┌────────

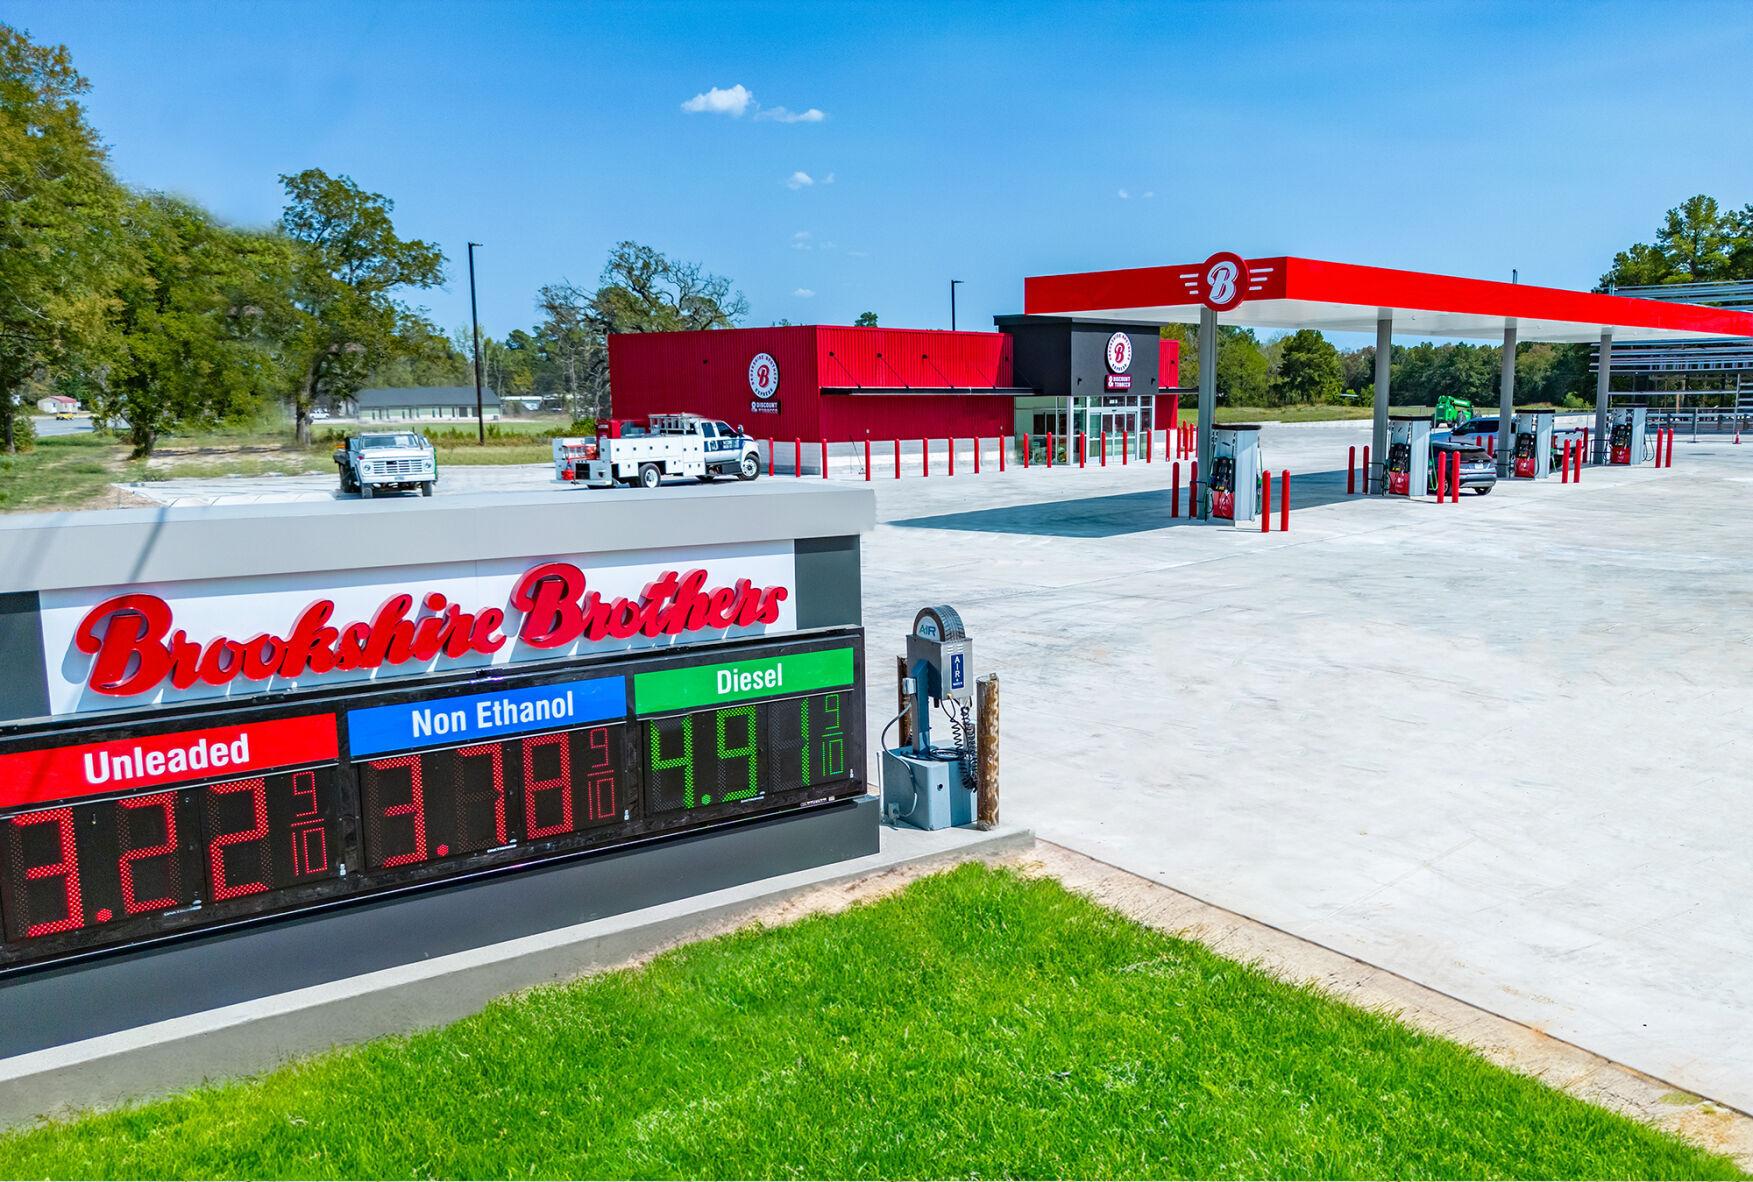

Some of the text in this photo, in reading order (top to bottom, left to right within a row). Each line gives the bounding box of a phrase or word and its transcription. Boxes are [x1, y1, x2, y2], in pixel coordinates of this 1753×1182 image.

[1207, 261, 1238, 304] B
[74, 562, 789, 698] Brookshire Brothers
[919, 624, 936, 637] AIR
[716, 663, 783, 695] Diesel
[411, 690, 575, 738] Non Ethanol
[84, 732, 250, 784] Unleaded
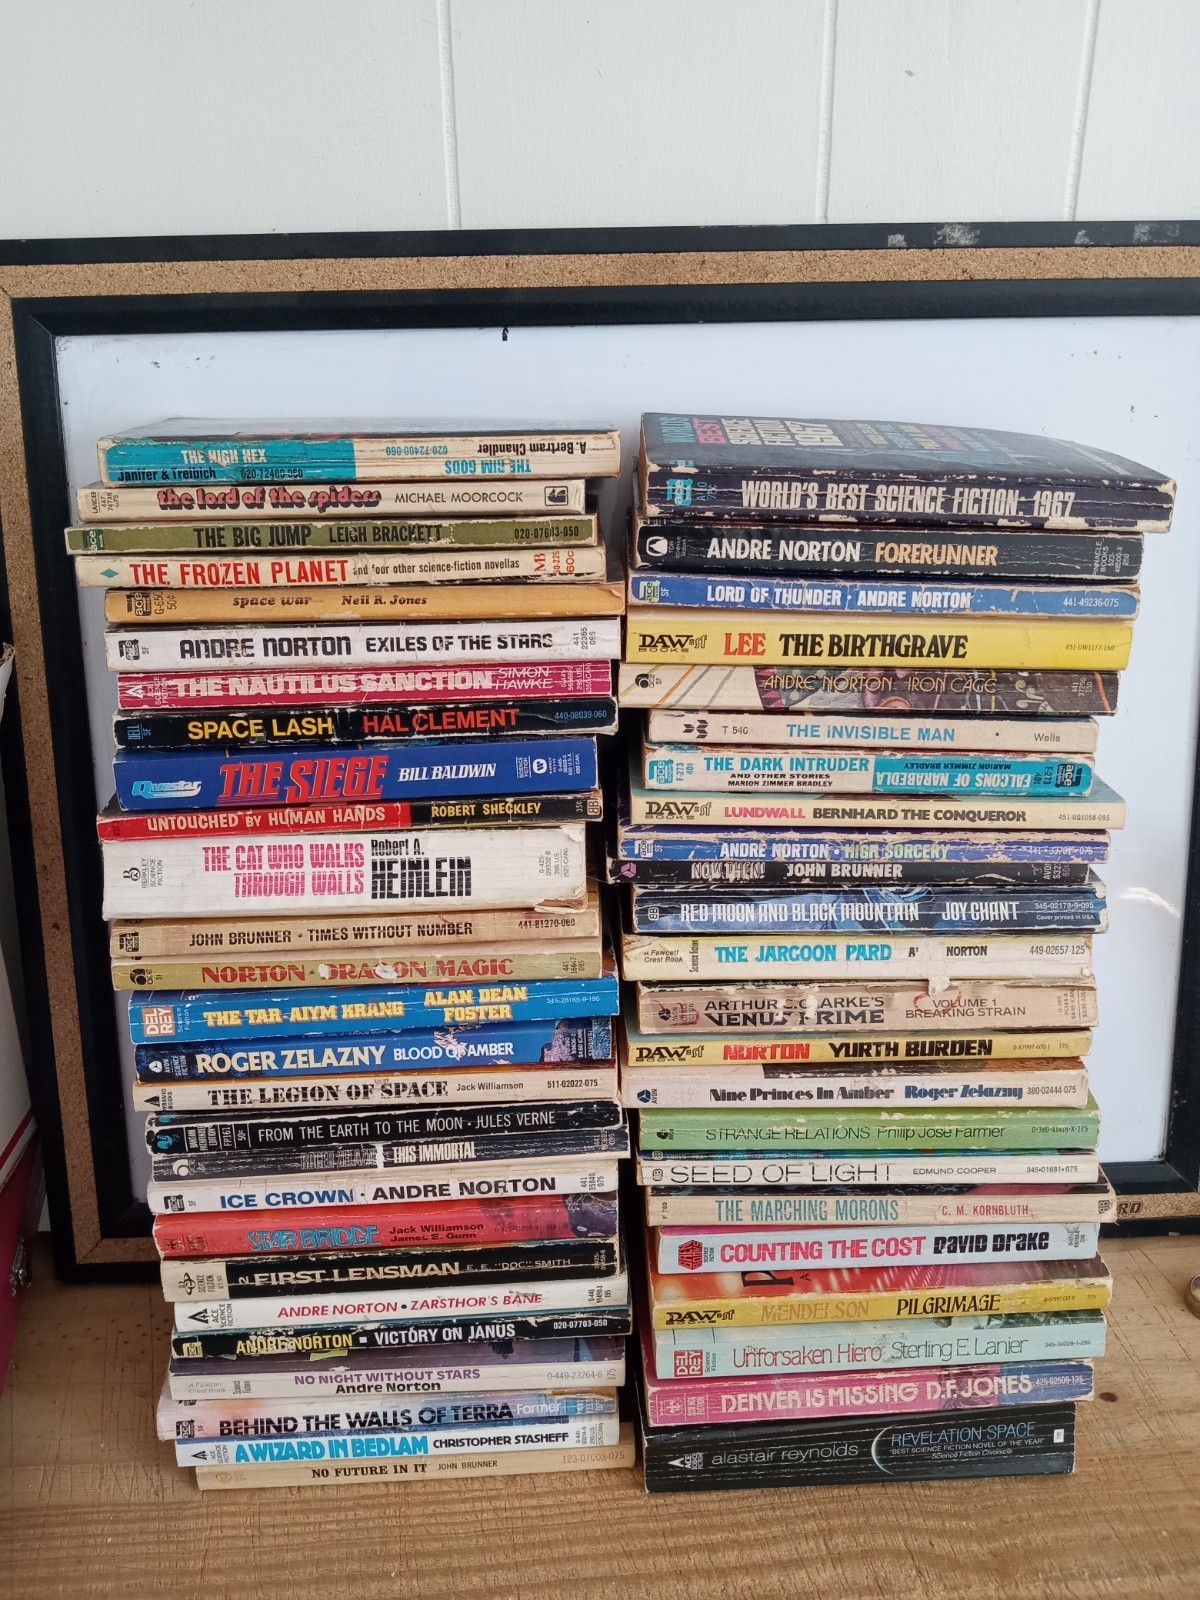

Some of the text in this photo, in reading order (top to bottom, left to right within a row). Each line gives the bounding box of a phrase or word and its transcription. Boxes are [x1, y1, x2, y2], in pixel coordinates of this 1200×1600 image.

[478, 442, 586, 455] A. Bertram Chandler
[445, 460, 476, 474] GODS
[509, 460, 531, 472] THE
[395, 492, 523, 503] MICHAEL MOORCOCK
[742, 480, 818, 508] WORLD'S
[826, 483, 868, 511] BEST
[875, 485, 946, 514] SCIENCE
[1033, 490, 1075, 517] 1967
[194, 526, 311, 547] THE BIG JUMP
[707, 538, 998, 564] ANDRE NORTON FORERUNNER
[130, 560, 348, 586] THE FROZEN PLANET
[372, 564, 389, 574] four
[393, 563, 415, 574] other
[419, 561, 481, 573] science-fiction
[484, 559, 520, 570] novellas
[707, 585, 841, 606] LORD OF THUNDER
[1063, 597, 1119, 607] 441-49236-075
[724, 633, 766, 656] LEE
[779, 634, 968, 657] THE BIRTHGRAVE
[363, 708, 520, 732] HAL CLEMENT
[555, 709, 607, 720] 440-08039-060
[188, 718, 333, 739] SPACE LASH
[787, 724, 820, 738] THE
[918, 727, 954, 741] MAN
[1034, 732, 1060, 742] Wells
[398, 763, 496, 782] BILL BALDWIN
[704, 758, 869, 771] THE DARK INTRUDER
[953, 774, 970, 786] OF
[975, 774, 1032, 788] FALCONS
[432, 803, 541, 817] ROBERT SHECKLEY
[725, 807, 805, 818] LUNDWALL
[813, 808, 1026, 822] BERNHARD THE CONQUEROR
[714, 944, 892, 963] THE JARGOON PARD
[424, 987, 528, 1006] ALAN DEAN
[444, 1004, 512, 1022] FOSTER
[906, 1007, 1025, 1018] BREAKING STRAIN
[828, 1040, 993, 1057] YURTH BURDEN
[196, 1045, 386, 1073] ROGER ZELAZNY
[457, 1082, 523, 1091] Jack Williamson
[547, 1079, 598, 1088] 511-02022-075
[710, 1086, 894, 1102] Nine Princes In Amber
[905, 1085, 1023, 1100] Roger Zelazny
[475, 1111, 555, 1129] JULES VERNE
[259, 1116, 462, 1142] FROM THE EARTH TO THE MOON
[372, 1177, 556, 1200] ANDRE NORTON
[220, 1190, 353, 1208] ICE CROWN
[716, 1199, 898, 1221] THE MARCHING MORONS
[942, 1205, 1029, 1215] C. M. KORNBLUTH
[720, 1236, 926, 1262] COUNTING THE COST
[278, 1302, 398, 1318] ANDRE NORTON
[411, 1294, 542, 1311] ZARSTHOR'S BANE
[896, 1294, 999, 1315] PILGRIMAGE
[553, 1319, 607, 1329] 020-07703-050
[374, 1324, 515, 1345] VICTORY ON JANUS
[892, 1341, 953, 1360] Sterling
[975, 1337, 1029, 1354] Lanier
[294, 1369, 480, 1385] NO NIGHT WITHOUT STARS
[336, 1381, 441, 1394] Andre Norton
[927, 1375, 1033, 1398] D.F. JONES
[516, 1403, 562, 1415] Farmer
[433, 1432, 569, 1448] CHRISTOPHER STASHEFF
[891, 1422, 1035, 1446] REVELATION SPACE
[235, 1435, 428, 1462] A WIZARD IN BEDLAM
[712, 1444, 859, 1465] alastair reynolds
[312, 1463, 427, 1479] NO FUTURE IN IT
[438, 1460, 497, 1470] JOHN BRUNNER

└────────

Exercise prompt ▸ What you hand back should match the listing exactly, except that no pictures appear.

Output of the task ▸
Some of the text in this photo, in reading order (top to bottom, left to right within a row). Each line gives the bounding box of a phrase or word and its transcription. Boxes are [x1, y1, x2, y2], in pixel coordinates of this 1753×1182 image.

[1207, 261, 1238, 304] B
[74, 562, 789, 698] Brookshire Brothers
[919, 624, 936, 637] AIR
[716, 663, 783, 695] Diesel
[411, 690, 575, 738] Non Ethanol
[84, 732, 250, 784] Unleaded

Some of the text in this photo, in reading order (top to bottom, left to right within a row). Each line gives the bounding box of a phrase or word and its transcription. Boxes are [x1, y1, x2, y2], in pixel coordinates of this 1200×1600 image.

[478, 442, 586, 455] A. Bertram Chandler
[445, 460, 476, 474] GODS
[509, 460, 531, 472] THE
[395, 492, 523, 503] MICHAEL MOORCOCK
[742, 480, 818, 508] WORLD'S
[826, 483, 868, 511] BEST
[875, 485, 946, 514] SCIENCE
[1033, 490, 1075, 517] 1967
[194, 526, 311, 547] THE BIG JUMP
[707, 538, 998, 564] ANDRE NORTON FORERUNNER
[130, 560, 348, 586] THE FROZEN PLANET
[372, 564, 389, 574] four
[393, 563, 415, 574] other
[419, 561, 481, 573] science-fiction
[484, 559, 520, 570] novellas
[707, 585, 841, 606] LORD OF THUNDER
[1063, 597, 1119, 607] 441-49236-075
[724, 633, 766, 656] LEE
[779, 634, 968, 657] THE BIRTHGRAVE
[363, 708, 520, 732] HAL CLEMENT
[555, 709, 607, 720] 440-08039-060
[188, 718, 333, 739] SPACE LASH
[787, 724, 820, 738] THE
[918, 727, 954, 741] MAN
[1034, 732, 1060, 742] Wells
[398, 763, 496, 782] BILL BALDWIN
[704, 758, 869, 771] THE DARK INTRUDER
[953, 774, 970, 786] OF
[975, 774, 1032, 788] FALCONS
[432, 803, 541, 817] ROBERT SHECKLEY
[725, 807, 805, 818] LUNDWALL
[813, 808, 1026, 822] BERNHARD THE CONQUEROR
[714, 944, 892, 963] THE JARGOON PARD
[424, 987, 528, 1006] ALAN DEAN
[444, 1004, 512, 1022] FOSTER
[906, 1007, 1025, 1018] BREAKING STRAIN
[828, 1040, 993, 1057] YURTH BURDEN
[196, 1045, 386, 1073] ROGER ZELAZNY
[457, 1082, 523, 1091] Jack Williamson
[547, 1079, 598, 1088] 511-02022-075
[710, 1086, 894, 1102] Nine Princes In Amber
[905, 1085, 1023, 1100] Roger Zelazny
[475, 1111, 555, 1129] JULES VERNE
[259, 1116, 462, 1142] FROM THE EARTH TO THE MOON
[372, 1177, 556, 1200] ANDRE NORTON
[220, 1190, 353, 1208] ICE CROWN
[716, 1199, 898, 1221] THE MARCHING MORONS
[942, 1205, 1029, 1215] C. M. KORNBLUTH
[720, 1236, 926, 1262] COUNTING THE COST
[278, 1302, 398, 1318] ANDRE NORTON
[411, 1294, 542, 1311] ZARSTHOR'S BANE
[896, 1294, 999, 1315] PILGRIMAGE
[553, 1319, 607, 1329] 020-07703-050
[374, 1324, 515, 1345] VICTORY ON JANUS
[892, 1341, 953, 1360] Sterling
[975, 1337, 1029, 1354] Lanier
[294, 1369, 480, 1385] NO NIGHT WITHOUT STARS
[336, 1381, 441, 1394] Andre Norton
[927, 1375, 1033, 1398] D.F. JONES
[516, 1403, 562, 1415] Farmer
[433, 1432, 569, 1448] CHRISTOPHER STASHEFF
[891, 1422, 1035, 1446] REVELATION SPACE
[235, 1435, 428, 1462] A WIZARD IN BEDLAM
[712, 1444, 859, 1465] alastair reynolds
[312, 1463, 427, 1479] NO FUTURE IN IT
[438, 1460, 497, 1470] JOHN BRUNNER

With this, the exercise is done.